WebRTC routes carry audio over the RTP/SRTP path negotiated by aiortc instead of binary WebSocket frames; transcript deltas come back on a control WebSocket bound to the session id.

## State

- **Tenant policy** — `mod_scaiecho_tenant_policy` (MariaDB), one row per tenant.
- **Transcription jobs** — `mod_scaiecho_transcription_job` (MariaDB), every batch transcribe writes a row.
- **Speaker profiles** — `mod_scaiecho_speaker_profile` plus `mod_scaiecho_speaker_consent` (consent capture, biometric data).
- **WebRTC sessions** — `mod_scaiecho_webrtc_session` (audit only; the live peer connection lives in process memory).
- **Erasure audit** — `mod_scaiecho_erasure_audit`, immutable record of speaker deletions for Art. 17 fan-out.
- **Audio blobs** — S3 (Garage in self-hosted deployments). Both async-job uploads and speaker reference recordings.

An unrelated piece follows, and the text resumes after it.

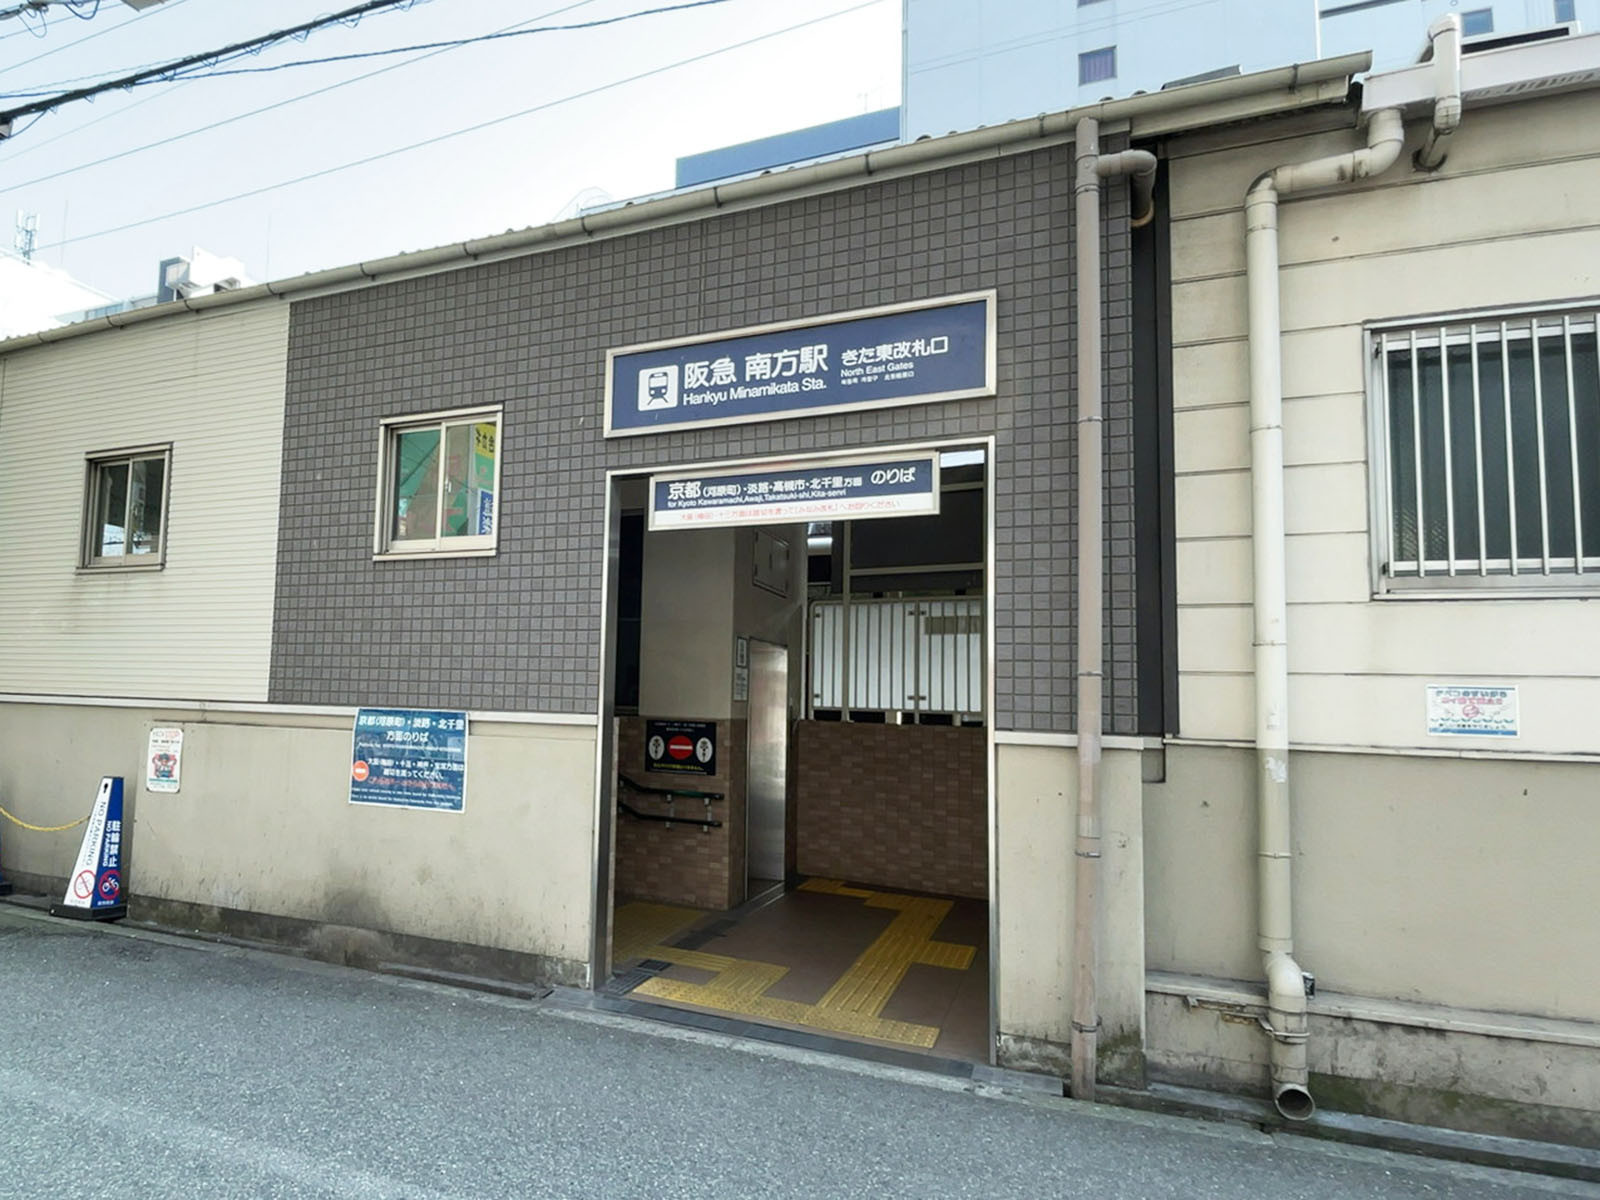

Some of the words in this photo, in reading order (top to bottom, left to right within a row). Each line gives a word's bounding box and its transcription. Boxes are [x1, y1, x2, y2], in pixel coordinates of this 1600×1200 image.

## How it differs from `/oai/v1/audio/transcriptions`

The OpenAI-compat endpoint is a one-shot transcribe with no tenant policy, no streaming, no speaker library. ScaiEcho adds:

| Concern | OAI compat | ScaiEcho |
|---|---|---|
| Backend selection | First wired dispatcher | Per-tenant policy with caller hint |
| Async jobs | No | Yes — over the threshold or on demand |
| WebSocket streaming | No | Yes — `/stream/transcribe` |
| WebRTC streaming | No | Yes — `/stream/transcribe/webrtc/*` |
| Speaker diarization | No | Yes — enrolled-profile attribution |
| Audit trail | Standard inference accounting | Per-job audit row plus accounting |
| MCP tool | No | Yes — `scaiecho.transcribe` |

For one-off transcription from a Whisper-style client, the compat endpoint is the easier integration. For everything else, use ScaiEcho.

## Async jobs and the worker pool

When the route layer decides to go async, the audio is staged to S3 at `scaiecho/transcribe_jobs/{job_id}.{ext}` and a `TranscriptionJob` row is inserted at `status='queued'`. The `process_transcribe_job` arq job is enqueued with the job id, the backend preference, and the temperature. The worker resolves the backend at dispatch time — that is, the policy lookup happens twice (once at enqueue for the `backend_used` hint, once at dispatch for the real decision). This matters when policy or node availability changes between enqueue and run; the worker always honours the policy in effect when it actually transcribes.

The worker writes the transcript, `backend_used`, `language_detected`, `audio_duration_ms`, and `completed_at` back to the same row. Failures move the row to `status='failed'` with `status_reason` populated. Cross-tenant or cross-user polls return 404 deliberately, to avoid leaking job existence.

## Speaker enrollment fan-out

Speaker profiles are biometric data. Enrollment uploads reference audio plus a consent recording, runs a quality preflight, persists the consent record alongside the profile, then fans the reference embedding out to every online `audio.analyze.pyannote` ScaiInfer node. The fan-out is best-effort — partial success is tolerated. If at least one node accepts, the speaker flips to `enrollment_status='ready'`; if none accept (or none are online), the speaker stays at `pending` and the admin UI shows the actionable state.

The warm registry in Redis tracks which nodes hold which speakers. `GET /speakers/{id}/warm` exposes three sets — `warm_node_ids`, `candidate_node_ids`, `stale_node_ids` — so operators can spot drift between the registry and the live cluster. `POST /speakers/{id}/warm` is the proactive re-fan-out path: stream the reference audio from S3 once, forward to every target node, register success.

Deletion is the GDPR Art. 17 path: blobs go from S3, an immutable `ErasureAudit` row records the action, the speaker row is tombstoned, and every replica that holds the embedding gets an `EvictSpeaker` call. Existing transcripts that already attributed segments to the speaker keep the labels they had — transcripts are not retroactively edited.